Long-time reader Andrea sent me a link to an article at CounterPunch, where author David Rosen has done the heavy lifting for us. I don't know if Rosen has compiled an exhaustive list, since new legislation is constantly popping up, but it does highlights some of the most disturbing and dangerous laws.
Rosen has written an excellent article and I appreciate seeing these issues highlighted in as many venues as possible. But his introductory critique of reproductive rights in the US surprises me, as it lacks recent historical perspective. He writes:
The U.S. is facing resurgence in the war against a woman's right to choose an abortion. Congress contained the Bush administration's more virulent anti-abortion efforts, especially after the 2006 election. Since Obama’s election and the Democrats takeover of Congress, abortion has been a hostage to political horse-trading as evident in the Stupak compromise restricting abortion from insurance coverage that finally got the health reform legislation passed.

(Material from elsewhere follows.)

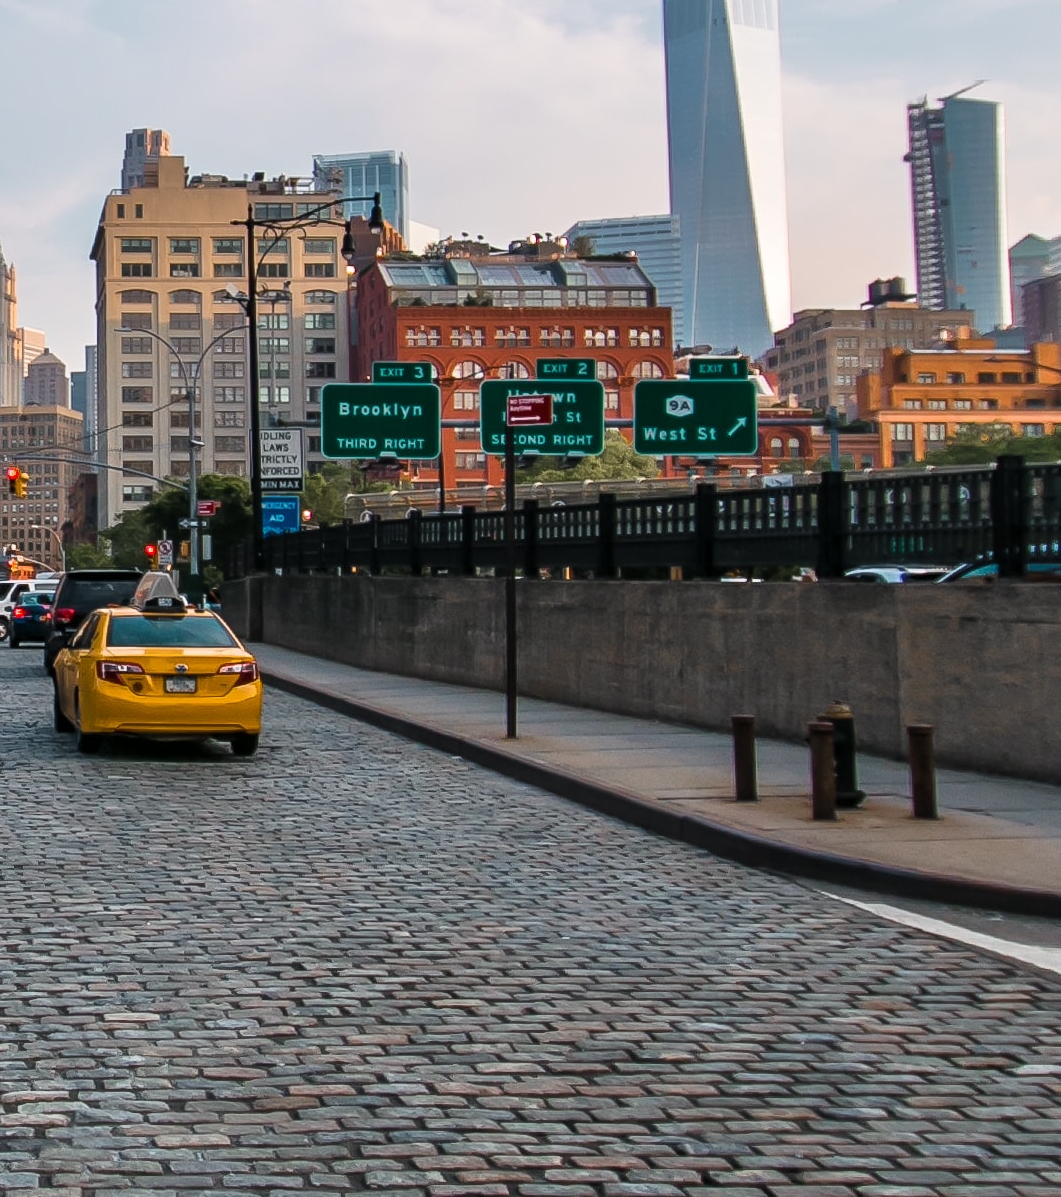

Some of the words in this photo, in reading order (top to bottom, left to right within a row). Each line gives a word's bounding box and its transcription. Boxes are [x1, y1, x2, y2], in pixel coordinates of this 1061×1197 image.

Unfortunately, as national media attention has moved on to other matters, the battle over abortion and other culture-war issues has shifted from the Congress to state legislatures. Across the country, especially in what are known as red states, the Christian right has moved stealthily, yet aggressively, to further tighten restrictions on "legal" abortions. These efforts have been remarkably successful, likely foreshadowing a major campaign against Roe at both the federal and state levels following a likely strong showing by rightwing Republicans in the 2010 Congressional elections.
This new anti-abortion movement is a continuation of the old religious war against a woman’s right to choose and for sexual freedom, but with some important new twists. The domestic and foreign policy crises Obama inherited from the Bush administration, combined with Obama's own compromises, have provided a great cover for a refocused anti-abortion movement. The just-say-No Republican party, together with the inflammatory Tea-Party movement, has refocused the mainstream media away from abortion and other cultural issues to "big" government, the national debt and immigration.

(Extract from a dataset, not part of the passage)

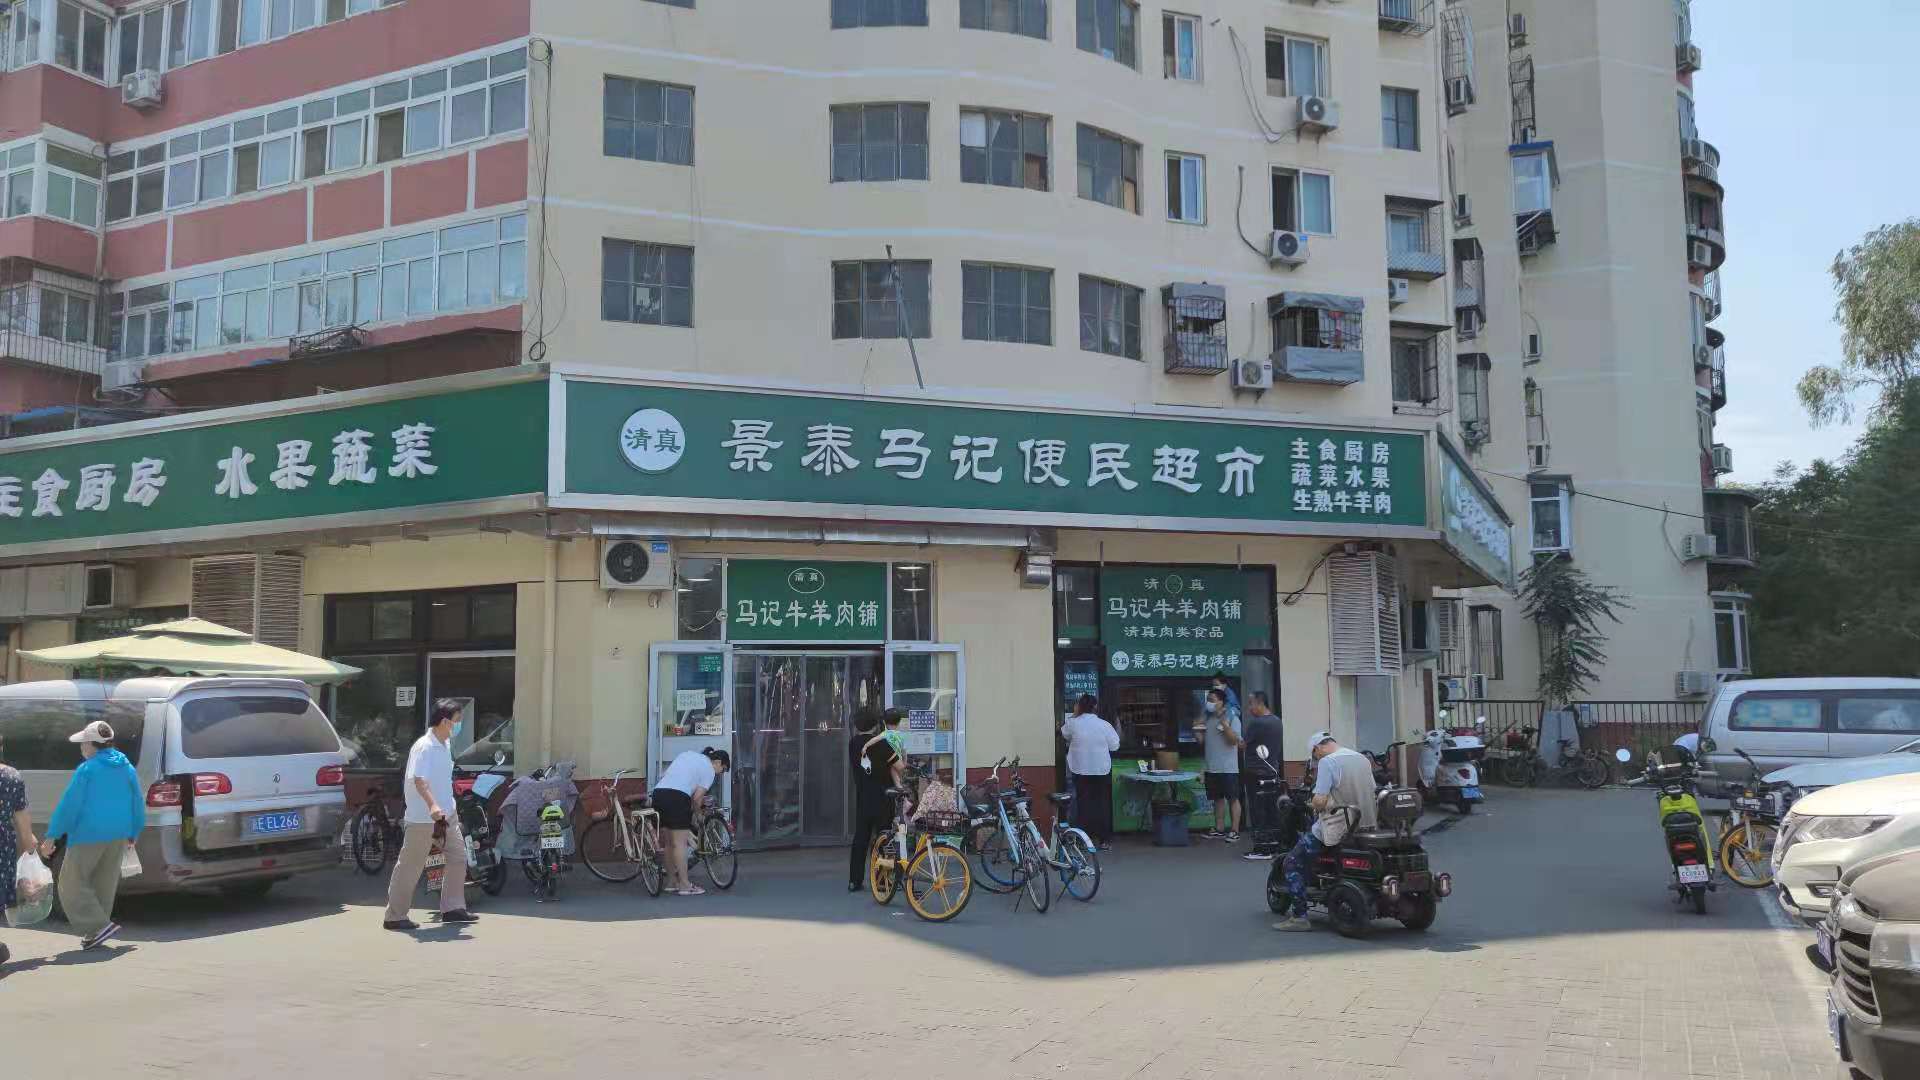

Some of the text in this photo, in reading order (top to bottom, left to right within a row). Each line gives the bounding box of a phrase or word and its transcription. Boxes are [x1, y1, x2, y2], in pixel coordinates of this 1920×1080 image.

The anti-abortion warriors have used this cover to wage campaigns...
I disagree. Having been involved in the pro-choice movement since 1981, I have followed the ongoing erosion of reproductive rights, almost all of it on the state level. While most federal lawmakers, the media and the public focused myopically on Roe v Wade, the right to abortion became a mere technicality, as the majority of US women lost access to abortion.
Anti-choice laws were passed in dozens of US states during the Reagan-Bush era. The trend barely slowed down during the Clinton years, then picked up renewed steam through the second Bush era. In other words, anti-choice legislation has been piling up in US state law - non-stop - for the past 30 years.

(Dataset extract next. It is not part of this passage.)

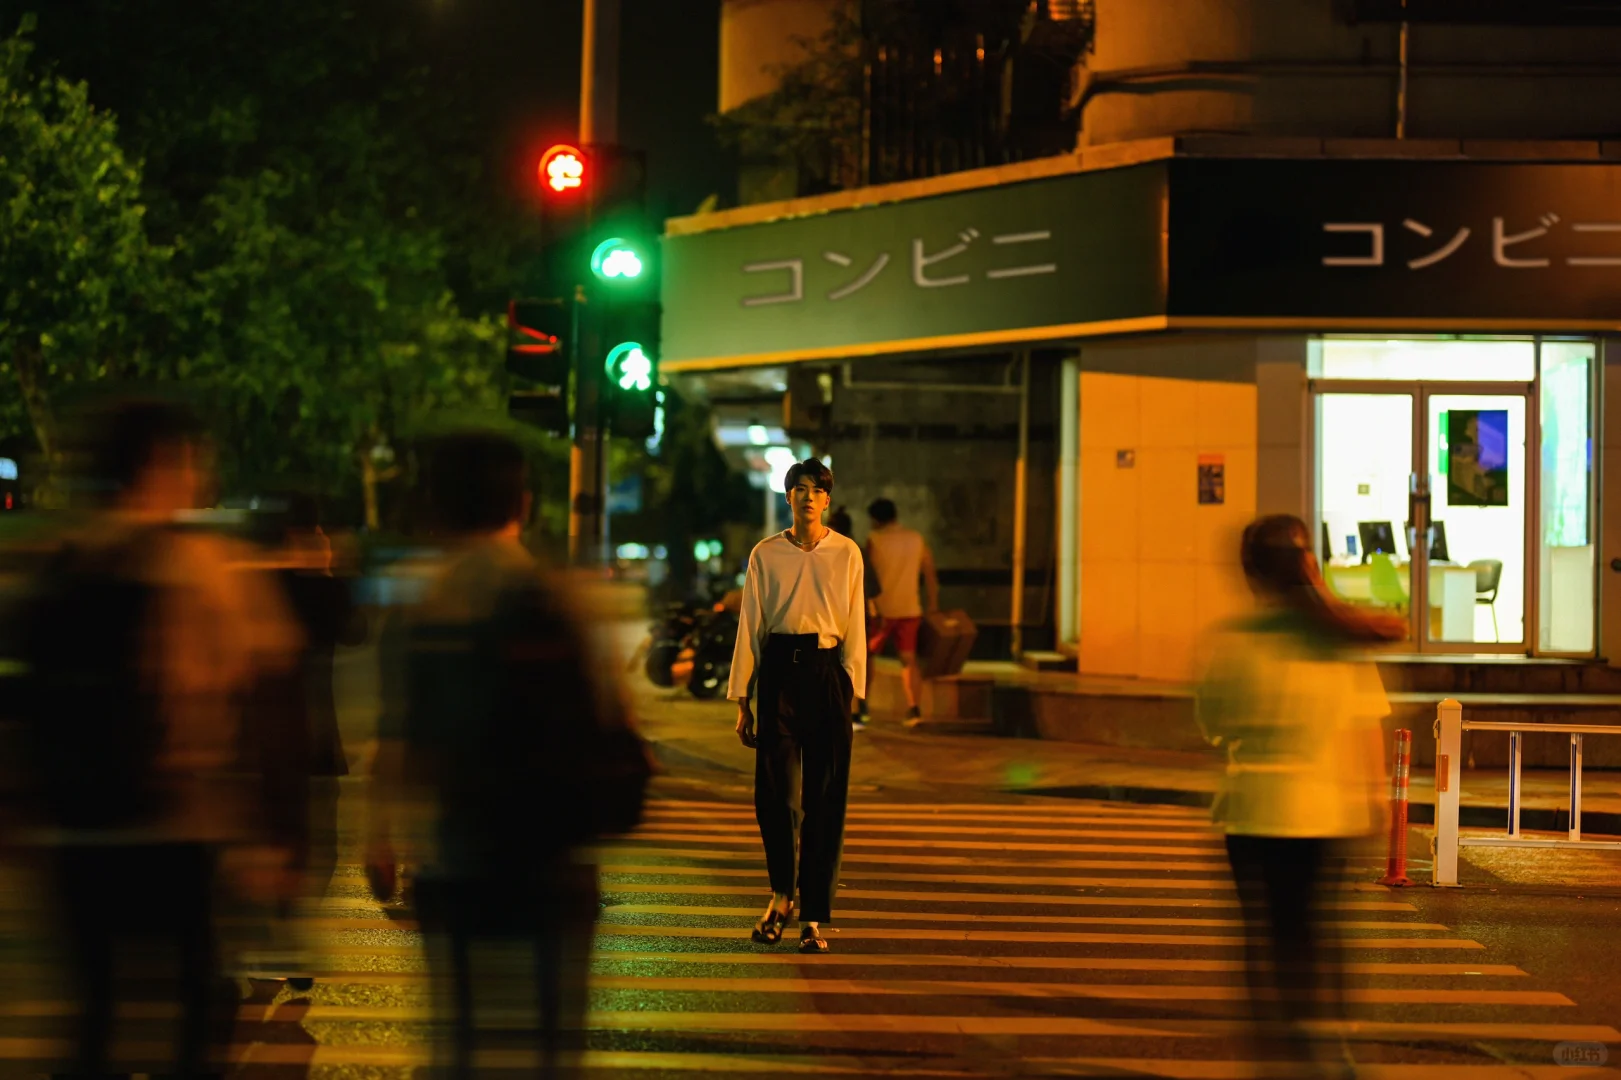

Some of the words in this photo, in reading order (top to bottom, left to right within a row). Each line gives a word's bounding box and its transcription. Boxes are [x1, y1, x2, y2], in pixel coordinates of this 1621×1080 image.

[743, 227, 1057, 307] コンビニ
[1322, 212, 1621, 269] コンビニ

Three separate United States Supreme Court decisions have allowed most of these laws to stand: Webster (1989), Akron (1990) and Casey (1992). These decisions ruled as Constitutional laws requiring fetal viability tests, parental notification, mandatory waiting periods, and other obstacles designed to prevent women from exercising their human right to control our own bodies. The decisions opened the floodgates for anti-choice legislation, and left pro-choice advocates with few options except to battle each law, one at a time.
From the early 1980s until today, the anti-choice movement in the United States - quintessentially focused, organized, and well-fed by both the Catholic Church and the evangelical churches - has succeeded in passing hundreds of laws that restrict women's rights to control our own bodies. They didn't require the camouflage of tea-party protesters or racist anti-immigration fervor to get the job done. The media was always elsewhere. Whether it was O.J. or Tiger Woods, Janet Jackson's breast or Lady Gaga's genitals, or just the latest missing blond child, mainstream media has never lacked excuses to not report the news.
Even people who should know better, don't. When I was part of the Haven Coalition in New York City, most people I knew who were not pro-choice activists - educated, intelligent, engaged people - were shocked to learn that women in neighbouring states were forced to travel to New York City for abortions. Because after all, Roe has not been overturned, right?
For some details on abortion access in the US that pre-dates the tea-partiers, see my essays, For Millions of American Women, Roe Is Already History from 2005, and in "either margaret wente needs a fact-checker or the entire united states is a backwater" from 2008. Of course, since I wrote those, things have only gotten worse.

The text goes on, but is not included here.